Date of Report: December 13, 2007

(Date of earliest event reported)

 

TEMPLE-INLAND INC.

(Exact Name of Registrant as Specified in its Charter)

 

Delaware

001-08634

75-1903917

(State or Other Jurisdiction
of Incorporation)

(Commission
File Number)

(IRS Employer
Identification No.)

 

 

1300 MoPac Expressway South, Austin, Texas 78746

(Address of Principal Executive Offices, including Zip code)

 

(512) 434-5800

(Registrant's telephone number, including area code)

 

Not Applicable

(Former Name or Former Address, if Changed Since Last Report)

 

Check the appropriate box below if the Form 8-K filing is intended to simultaneously satisfy the filing obligation of the registrant under any of the following provisions:

 

o Written communications pursuant to Rule 425 under the Securities Act (17 CFR 230.425)

o Soliciting material pursuant to Rule 14a-12 under the Exchange Act (17 CFR 240.14a-12)

o Pre-commencement communications pursuant to Rule 14d-2(b) under the Exchange Act (17 CFR 240.14d-2(b))

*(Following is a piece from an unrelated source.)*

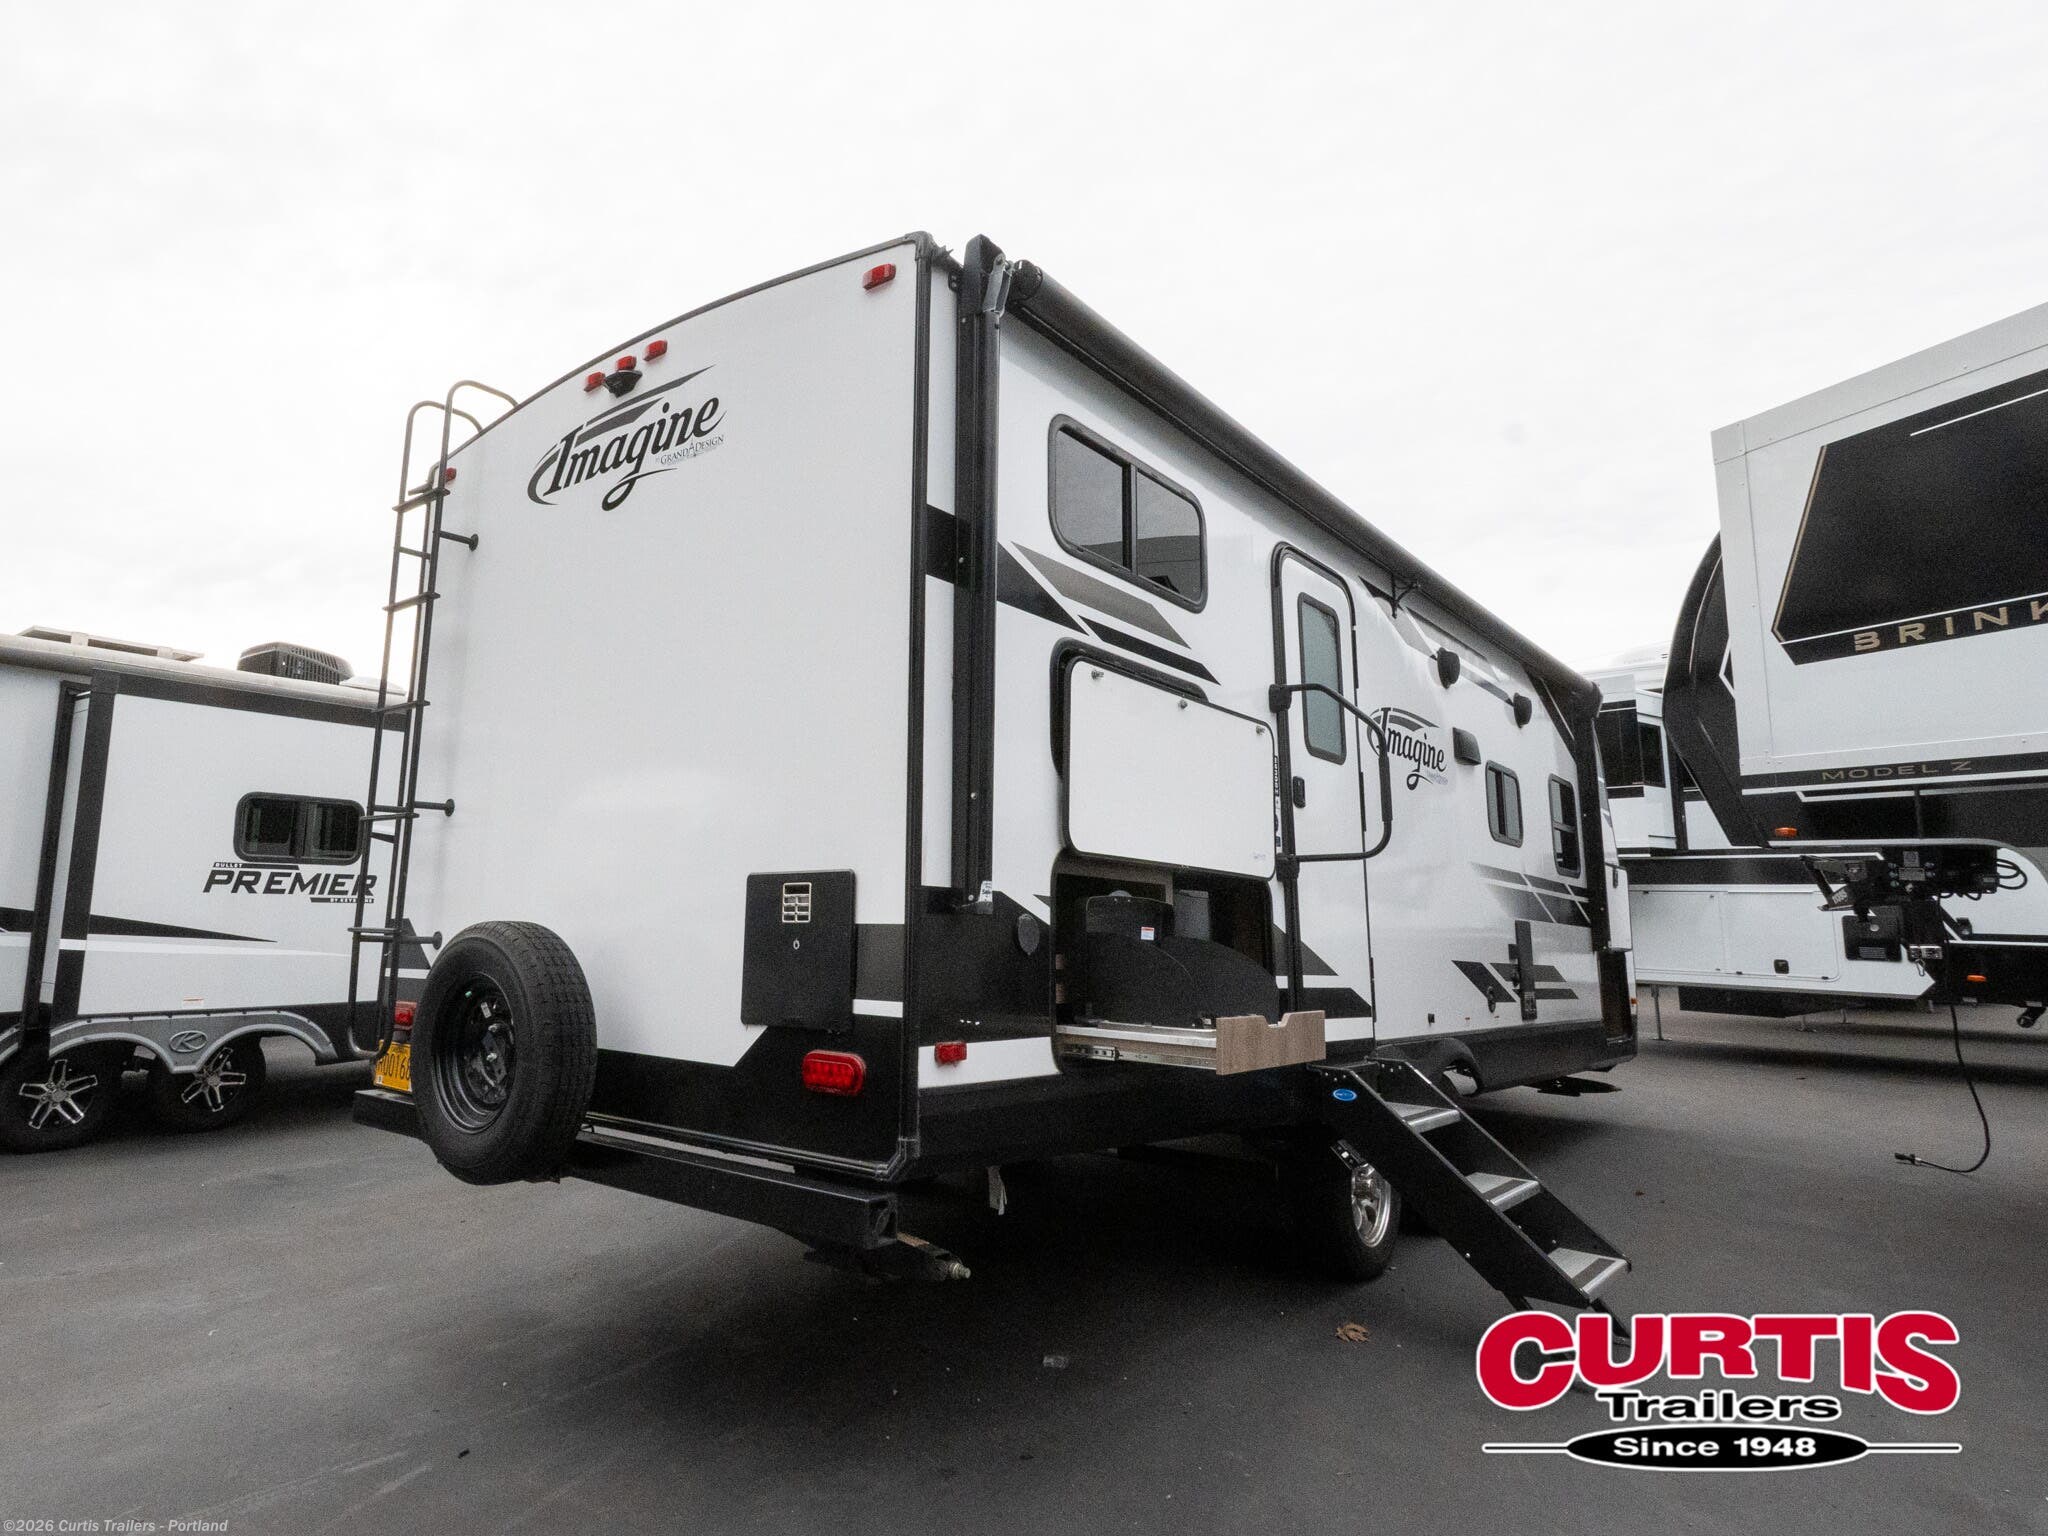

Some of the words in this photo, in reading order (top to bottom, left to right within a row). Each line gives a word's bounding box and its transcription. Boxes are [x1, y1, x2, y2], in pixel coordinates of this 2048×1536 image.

o Pre-commencement communications pursuant to Rule 13e-4(c) under the Exchange Act (17 CFR 240. 13e-4(c))

 


 

Item 8.01.     Other Events.

 

On December 13, 2007, the Company announced the completion of its previously announced cash tender offer for up to $500 million aggregate principal amount of its 6.750% Medium Term Notes (Series F) due 2009 (the "2009 Notes") and 7.875% Senior Notes due 2012 (the "2012 Notes" and, together with the 2009 Notes, the "Notes"). The tender offer expired at 12:00 midnight, New York City time, on December 12, 2007, and the purchase was settled on December 13, 2007. Pursuant to the terms of the Offer to Purchase, dated November 14, 2007, and the accompanying Letter of Transmittal, the Company purchased all of the $286,089,000 aggregate principal amount of the 2009 Notes validly tendered and $213,911,000 aggregate principal amount of the 2012 Notes, which was a pro rated portion of the 2012 Notes validly tendered in the tender offer, for a total of $500 million aggregate principal amount of Notes purchased in the tender offer. As a result of the tender offer, $13,911,000 aggregate principal amount of the 2009 Notes and $286,089,000 aggregate principal amount of the 2012 Notes remain outstanding.

 

A copy of the press release announcing the completion of the tender offer is attached hereto as Exhibit 99.1.

 

Item 9.01.

Financial Statements and Exhibits.

 

(d)

Exhibits.

 

 

99.1

Press Release issued by the Company on December 13, 2007, announcing the completion of the notes tender offer.

 

 

SIGNATURE

 

Pursuant to the requirements of the Securities and Exchange Act of 1934, the registrant has duly caused this report to be signed on its behalf by the undersigned hereunto duly authorized.

 

 

TEMPLE-INLAND INC.

 

 

Date: December 13, 2007

By:

/s/ Randall D. Levy

 

 

Name: Randall D. Levy

 

 

Title:   Chief Financial Officer

 

2

 


 

EXHIBIT INDEX

 

 

Exhibit

Description

Page

 

 

 

99.1

Press Release issued by the Company on December 13, 2007, announcing the completion of the notes tender offer.